**Problem to solve**
For each line below that holds "Strawberry", return the line as it stands.

- Opening Delimiter -

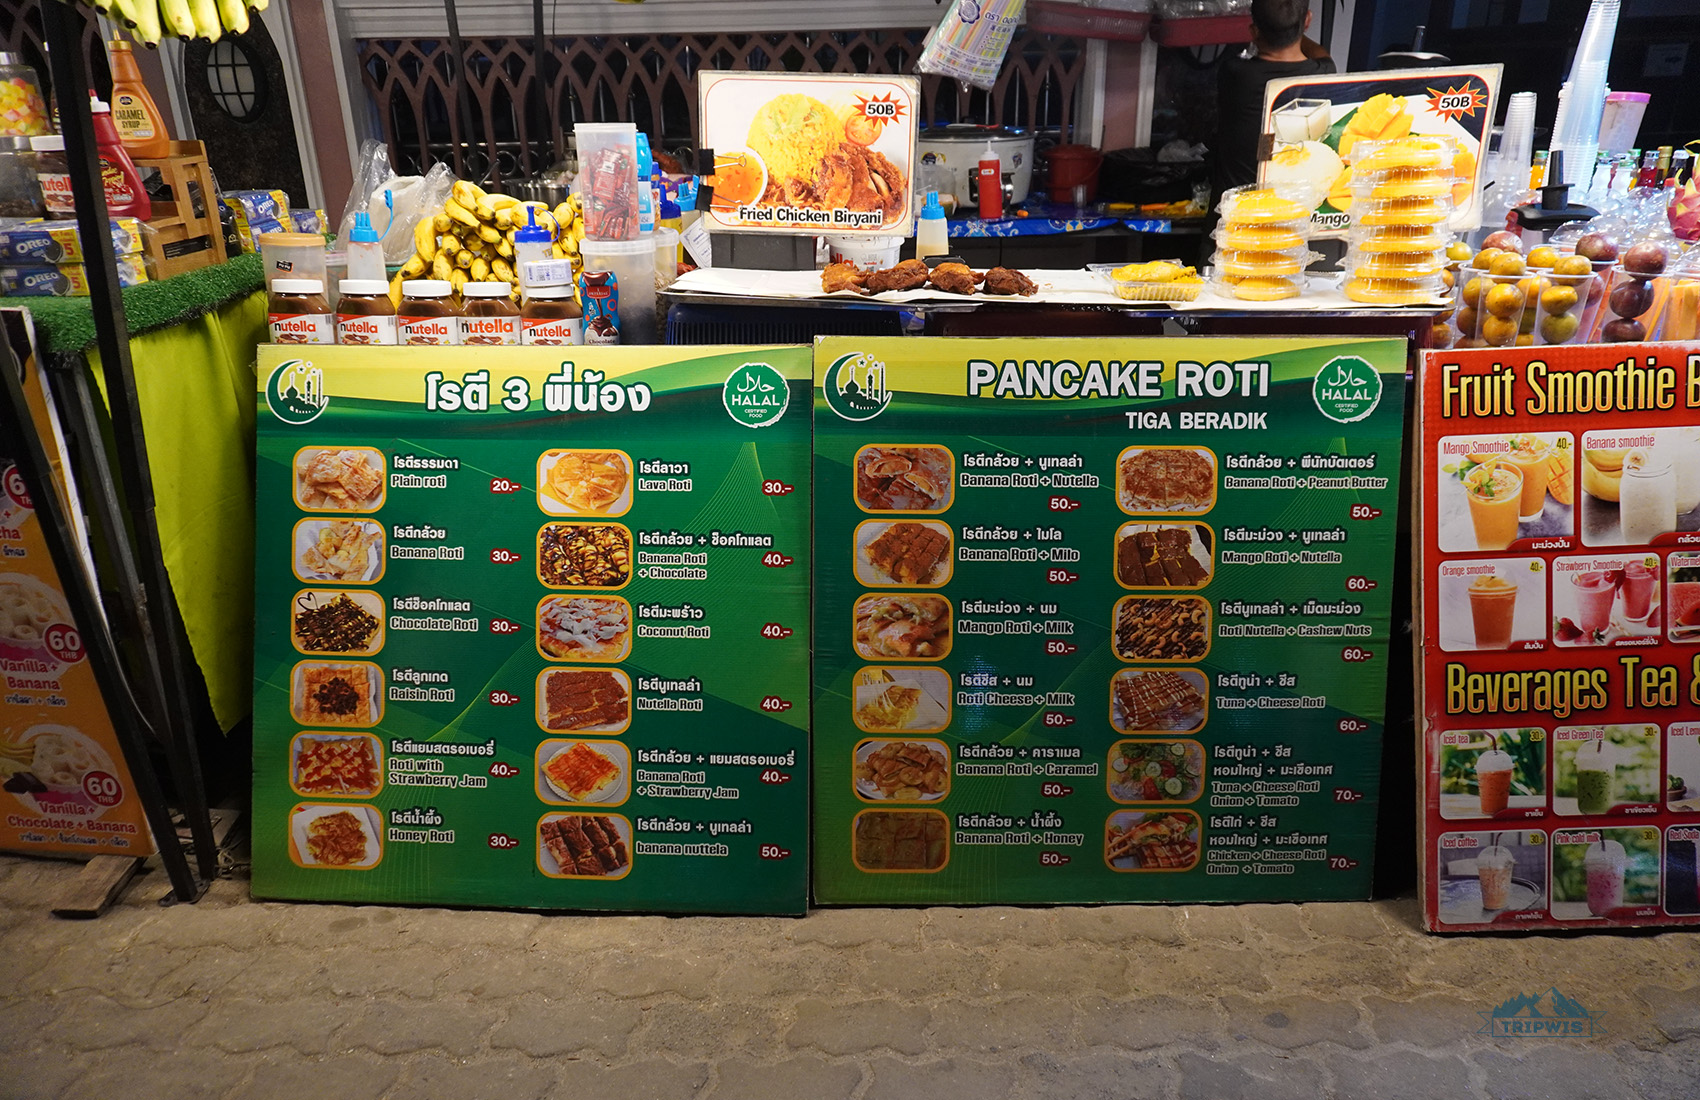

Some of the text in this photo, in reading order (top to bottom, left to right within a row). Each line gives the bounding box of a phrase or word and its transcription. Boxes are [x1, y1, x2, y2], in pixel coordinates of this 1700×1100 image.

[1440, 95, 1471, 110] 50B
[115, 109, 145, 120] CARAMEL
[866, 103, 895, 116] 50B
[121, 120, 141, 129] SYRUP
[257, 199, 275, 214] OREO
[739, 206, 883, 226] Fried Chicken Biryani
[16, 238, 51, 254] OREO
[64, 242, 74, 256] 5
[24, 271, 59, 287] OREO
[71, 276, 81, 290] 5
[274, 320, 316, 333] nutella
[340, 321, 378, 334] nutella
[405, 323, 448, 335] nutella
[461, 318, 514, 334] nutella
[529, 325, 572, 338] nutella
[736, 371, 775, 393] حلال
[968, 361, 1270, 397] PANCAKE ROTI
[426, 362, 651, 412] โรตี 3 พี่น้อง
[1443, 357, 1676, 417] Fruit Smoothie
[731, 393, 780, 407] HALAL
[1321, 388, 1371, 401] HALAL
[1125, 411, 1268, 430] TIGA BERADIK
[1443, 439, 1509, 455] Mango Smoothie
[1556, 438, 1572, 449] 40.-
[1586, 434, 1655, 450] Banana smoothie
[391, 474, 446, 488] Plain roti
[492, 480, 519, 492] 20.-
[638, 478, 692, 491] Lava Roti
[960, 473, 1099, 488] Banana Roti Nutella
[1224, 475, 1388, 489] Banana Roti Peanut Butter
[764, 482, 792, 494] 30.-
[1050, 498, 1079, 509] 50.-
[1352, 506, 1380, 518] 50.-
[390, 545, 464, 560] Banana Roti
[492, 550, 519, 562] 30.-
[638, 552, 707, 565] Banana Roti
[959, 547, 1080, 561] Banana Roti Milo
[764, 554, 791, 565] 40.-
[1556, 559, 1623, 572] Strawberry Smoothie
[1644, 557, 1658, 567] 40.-
[649, 566, 708, 579] Chocolate
[1442, 563, 1495, 576] Orange smoothie
[1530, 562, 1544, 571] 40.-
[390, 616, 478, 632] Chocolate Roti
[491, 621, 519, 632] 30.-
[958, 620, 1074, 635] Mango Roti Milk
[1219, 624, 1372, 637] Roti Nutella Cashew Nuts
[637, 624, 711, 639] Coconut Roti
[763, 625, 790, 637] 40.-
[49, 631, 81, 652] 60
[1047, 642, 1075, 653] 50.-
[59, 651, 78, 660] THB
[1343, 649, 1371, 660] 60.-
[0, 659, 48, 673] Vanilla
[7, 676, 60, 691] Banana
[1446, 656, 1678, 718] Beverages Tea
[389, 687, 455, 702] Raisin Roti
[491, 692, 518, 704] 30.-
[957, 692, 1075, 705] Roti Cheese Milk
[637, 697, 703, 711] Nutella Roti
[762, 698, 790, 710] 40.-
[1045, 714, 1073, 725] 50.-
[1530, 731, 1544, 741] 30.-
[1556, 728, 1604, 740] Iced Green Tea
[1644, 727, 1658, 737] 30.-
[1443, 735, 1469, 745] Iced tea
[389, 758, 444, 773] Roti with
[490, 764, 518, 776] 40.-
[86, 777, 117, 795] 60
[389, 773, 487, 788] Strawberry Jam
[1212, 781, 1320, 793] Tuna Cheese Roti
[97, 795, 114, 804] THB
[1211, 795, 1300, 807] Onion Tomato
[1335, 790, 1362, 801] 70.-
[39, 801, 88, 816] Vanilla
[7, 815, 137, 834] Chocolate Banana
[388, 829, 455, 844] Honey Roti
[490, 836, 517, 847] 30.-
[1442, 836, 1478, 848] Iced coffee
[1556, 832, 1600, 843] Pink cold milk
[636, 842, 729, 856] banana nuttela
[761, 846, 789, 858] 50.-

- Closing Delimiter -

**Exercise solution**
[1556, 559, 1623, 572] Strawberry Smoothie
[389, 773, 487, 788] Strawberry Jam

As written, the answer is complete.